Task input:
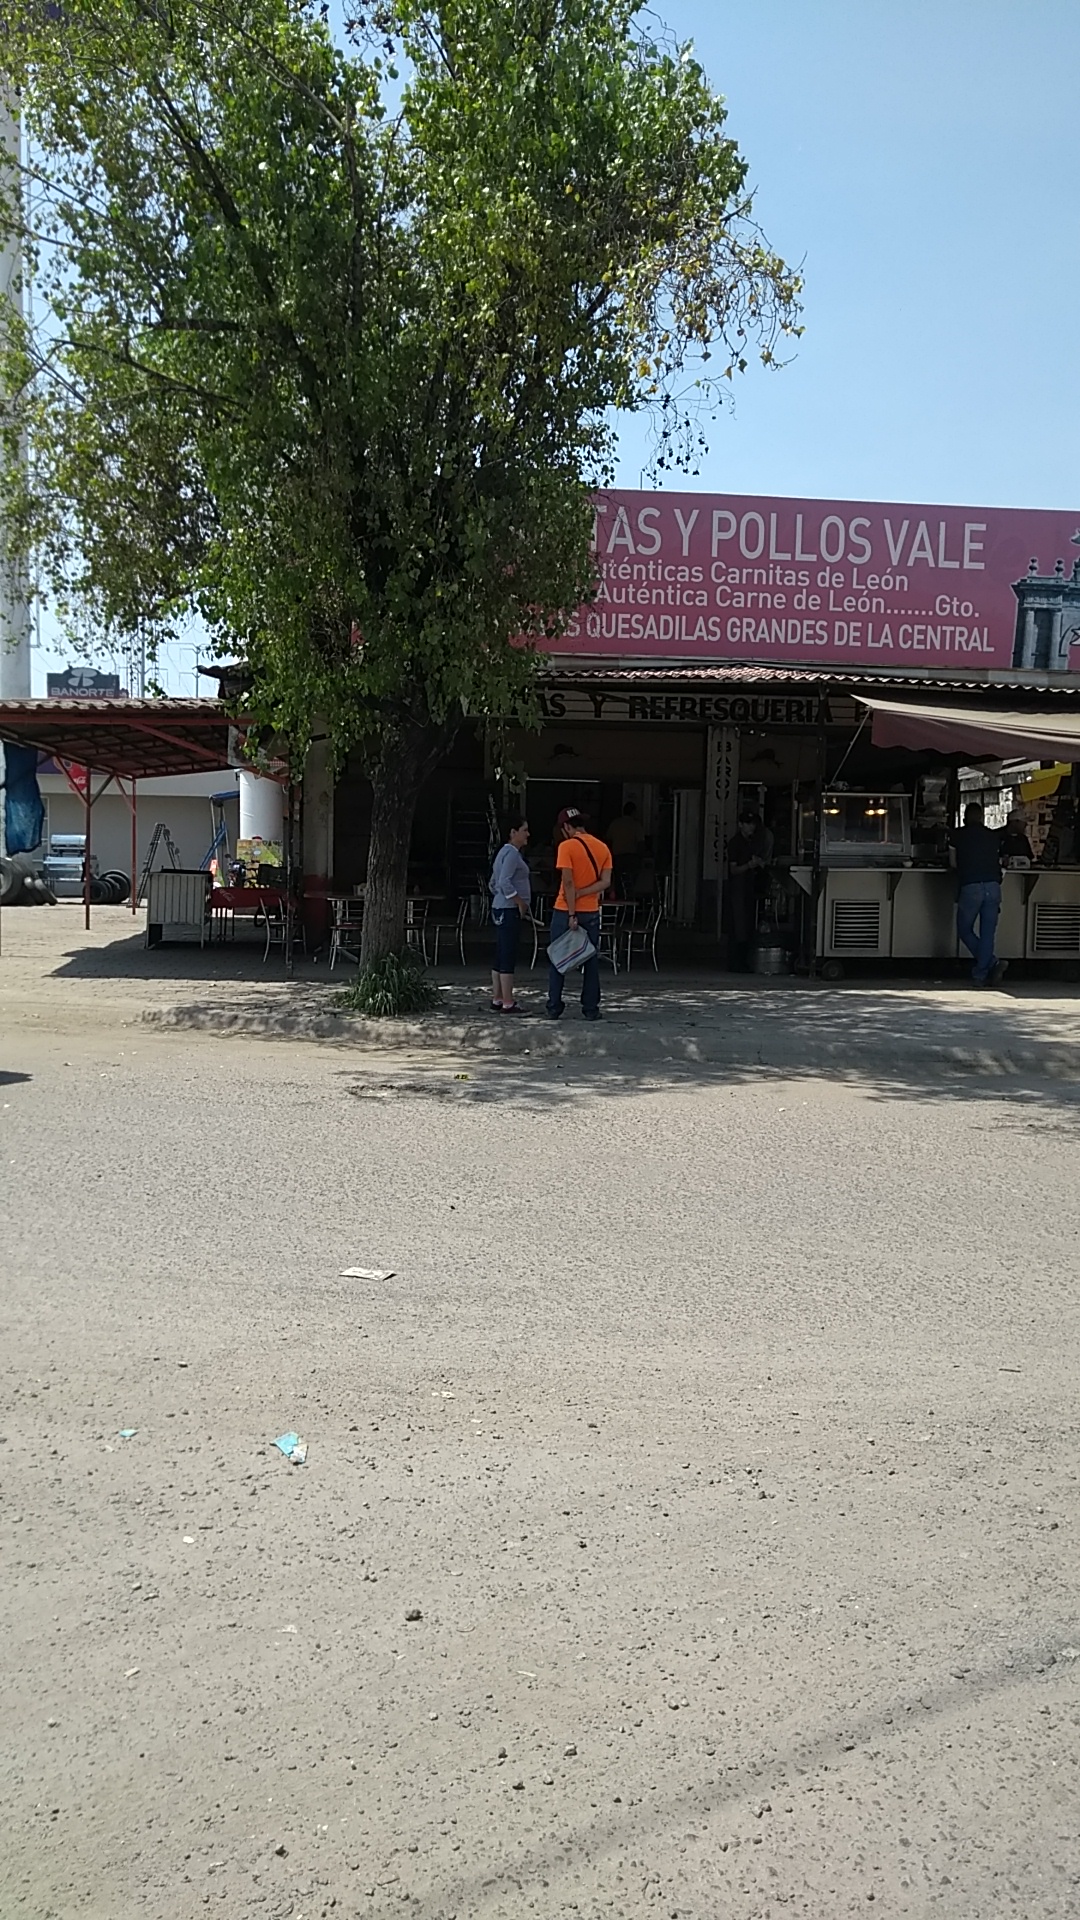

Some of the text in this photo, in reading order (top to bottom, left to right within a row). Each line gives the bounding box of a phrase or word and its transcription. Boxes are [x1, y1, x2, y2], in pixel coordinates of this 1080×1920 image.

[590, 504, 987, 570] TAS Y POLLOS VALE
[597, 557, 909, 592] uténticas Carnitas de León
[594, 580, 708, 607] Auténtica
[715, 585, 786, 610] Carne
[793, 588, 822, 612] de
[586, 612, 721, 642] QUESADILAS
[726, 617, 828, 647] GRANDES
[834, 621, 861, 648] DE
[866, 623, 893, 649] LA
[899, 625, 994, 653] CENTRAL
[50, 687, 115, 697] BANORTE
[588, 693, 606, 719] Y
[628, 695, 834, 723] REFRESQUERIA
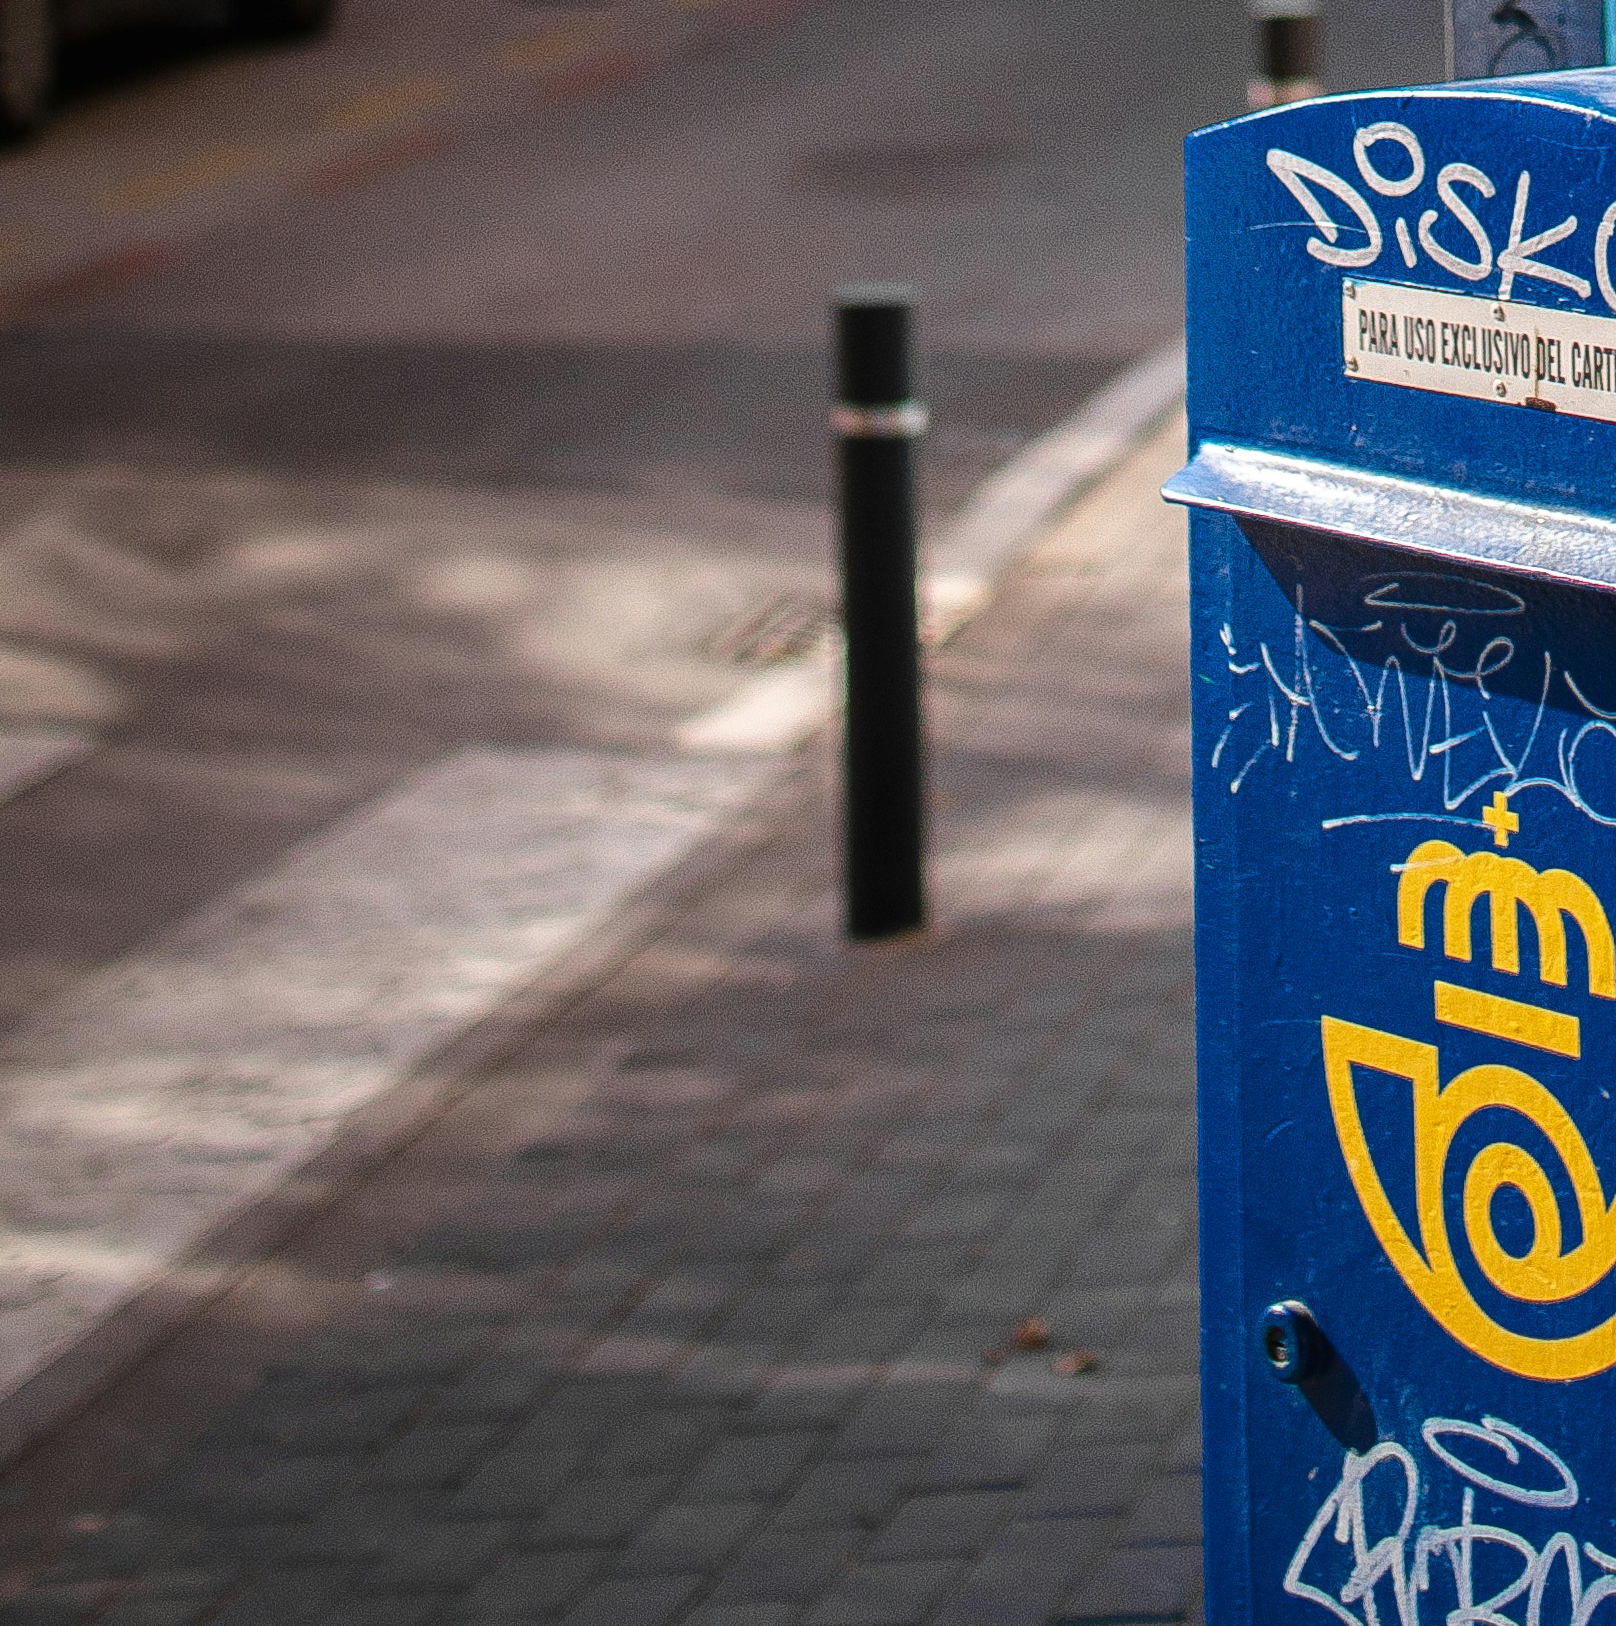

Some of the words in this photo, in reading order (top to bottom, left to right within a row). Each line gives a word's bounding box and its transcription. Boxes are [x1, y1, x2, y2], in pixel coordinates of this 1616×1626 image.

Task directions: When you set down the records above, copy every line exactly and exclude the pictures.

Response to this exercise:
Some of the text in this photo, in reading order (top to bottom, left to right within a row). Each line gives the bounding box of a phrase or word and its transcription. Boxes are [x1, y1, x2, y2], in pixel coordinates of this 1080×1920 image.

[590, 504, 987, 570] TAS Y POLLOS VALE
[597, 557, 909, 592] uténticas Carnitas de León
[594, 580, 708, 607] Auténtica
[715, 585, 786, 610] Carne
[793, 588, 822, 612] de
[586, 612, 721, 642] QUESADILAS
[726, 617, 828, 647] GRANDES
[834, 621, 861, 648] DE
[866, 623, 893, 649] LA
[899, 625, 994, 653] CENTRAL
[50, 687, 115, 697] BANORTE
[588, 693, 606, 719] Y
[628, 695, 834, 723] REFRESQUERIA

Some of the words in this photo, in reading order (top to bottom, left to right within a row). Each line gives a word's bounding box and its transcription. Boxes are [x1, y1, x2, y2], in pixel coordinates of this 1616×1626 image.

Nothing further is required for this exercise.